Baba yardım etti mi?
Karabulut ailesinin avukatı Rezan Epözdemir, “Kanlar sanık Cem Garipoğlu’nun ifadelerinin aksine yerleri silmeyle değil de, dokunma, değme ve sıçrama olduğu da bu görüntülerde sabitlenmiştir.
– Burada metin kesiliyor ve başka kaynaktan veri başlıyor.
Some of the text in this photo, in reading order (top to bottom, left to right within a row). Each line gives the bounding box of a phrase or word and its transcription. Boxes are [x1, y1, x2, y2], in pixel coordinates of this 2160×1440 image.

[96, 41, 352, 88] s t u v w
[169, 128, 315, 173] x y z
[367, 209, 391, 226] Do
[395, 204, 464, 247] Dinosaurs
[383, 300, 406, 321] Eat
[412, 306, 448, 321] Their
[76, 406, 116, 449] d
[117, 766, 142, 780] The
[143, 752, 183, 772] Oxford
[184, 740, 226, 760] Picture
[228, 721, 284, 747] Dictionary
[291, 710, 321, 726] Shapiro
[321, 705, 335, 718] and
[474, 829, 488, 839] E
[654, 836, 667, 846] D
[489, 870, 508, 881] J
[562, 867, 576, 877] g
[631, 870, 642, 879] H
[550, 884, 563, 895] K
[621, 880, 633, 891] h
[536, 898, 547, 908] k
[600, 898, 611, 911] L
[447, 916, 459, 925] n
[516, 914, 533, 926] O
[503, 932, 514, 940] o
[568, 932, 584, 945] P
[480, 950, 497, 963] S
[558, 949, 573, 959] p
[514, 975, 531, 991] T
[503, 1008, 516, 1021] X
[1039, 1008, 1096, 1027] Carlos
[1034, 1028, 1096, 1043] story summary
Bu da savcılığın iddianamede betimlediği üzere, baba Mehmet Nida Garipoğlu’nun da cinayete iştirak ettiğine dair makul bir şüphe oluşmasına sebep olmuştur.” diyerek 60 numaralı delilin önemini anlattı.
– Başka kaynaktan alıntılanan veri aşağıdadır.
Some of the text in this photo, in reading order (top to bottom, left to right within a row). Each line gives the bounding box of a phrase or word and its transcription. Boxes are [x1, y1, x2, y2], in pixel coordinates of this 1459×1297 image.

Eldeki delillerden Cem Garipoğlu’na babası Mehmet Nida Garipoğlu’nun yardım ettiği iddiasını bir kez daha yineleyen Epözdemir, “İştirak halinde tasarlayarak, vahşice, küçüğe karşı adam öldürme suçunu işlediğinden dolayı ağırlaştırılmış müebbet hapsi isteniyordu. Bu duruma rağmen, baba Mehmet Nida Garipoğlu’nun ağırlaştırılmış müebbet hapis ile yargılanırken henüz ikinci celsede tahliye edilmesi kamuoyunda ve hukukçular arasında şaşkınlıkla karşılanmıştı” diye konuştu.
Evde kan izleri
Epözdemir, anne Tülay Makbule Garipoğlu’nun cinayetin ardından eve geldiğini ve yaklaşık 2,5 saat kaldığı evde 6 litre kanı temizlediğini ileri sürdü. Anne Garipoğlu’nun “Eve geldiğimde sadece kan ve kusmuk vardı” şeklindeki ifadesinin de gerçeği yansıtmadığını belirten Epözdemir, “Özellikle 61, 62 ve 63 numarada olan poşetten çıkarılan Cem Garipoğlu’na ait eşofman ve tişörtler ile duvardaki ve mutfaktaki kan izleri anne Tülay Garipoğlu’nun ifadelerinin yalan olduğunu ve evde yapılan temizliğin boyutlarını ortaya koyuyor. Buna göre cinayet 15.00 ile Cem Garipoğlu’nun elinde bavul ve gitar kılıfıyla evden çıktığı 18.46 arasında işlenmiştir. Bu zaman dilimi içinde failler üç katlı villanın içinin bir kısmını temizlemişlerdir. Münevver Karabulut’un 29 yerinden bıçaklanmış olması ve kafasının bedeninden henüz sağken ayrılmış olması karşısında insan vücudunda 6 litre kan olduğu gerçeği ile yola çıkarsak evin ne denli kan gölüne dönüşeceği ortaya çıkar. Cem’in evden çıkmasından hemen sonra anne Tülay Garipoğlu, eve saat 19.00 sıralarında gelmiş, saat 22.30’a kadar evin içindeki kan izleri silinmiş temizlenmiş ama delillerle sabit olduğu üzere o kadar fazla kan var ki yine de iz kalmış. Saat 21.40’ta Cem Garipoğlu eve geliyor, saat 22,30’da baba yeniden geliyor ve Cem’i alıp ayrılıyor. Bu fotoğraflar başta Tülay Garipoğlu’nun yaptığı temizliğin boyutunu, sanıkların kan gölüne dönen evde yaptıkları temizlemenin boyutunu, sanıkların nasıl suç delillerini gizlediğini ortaya koyuyor” diye konuşu.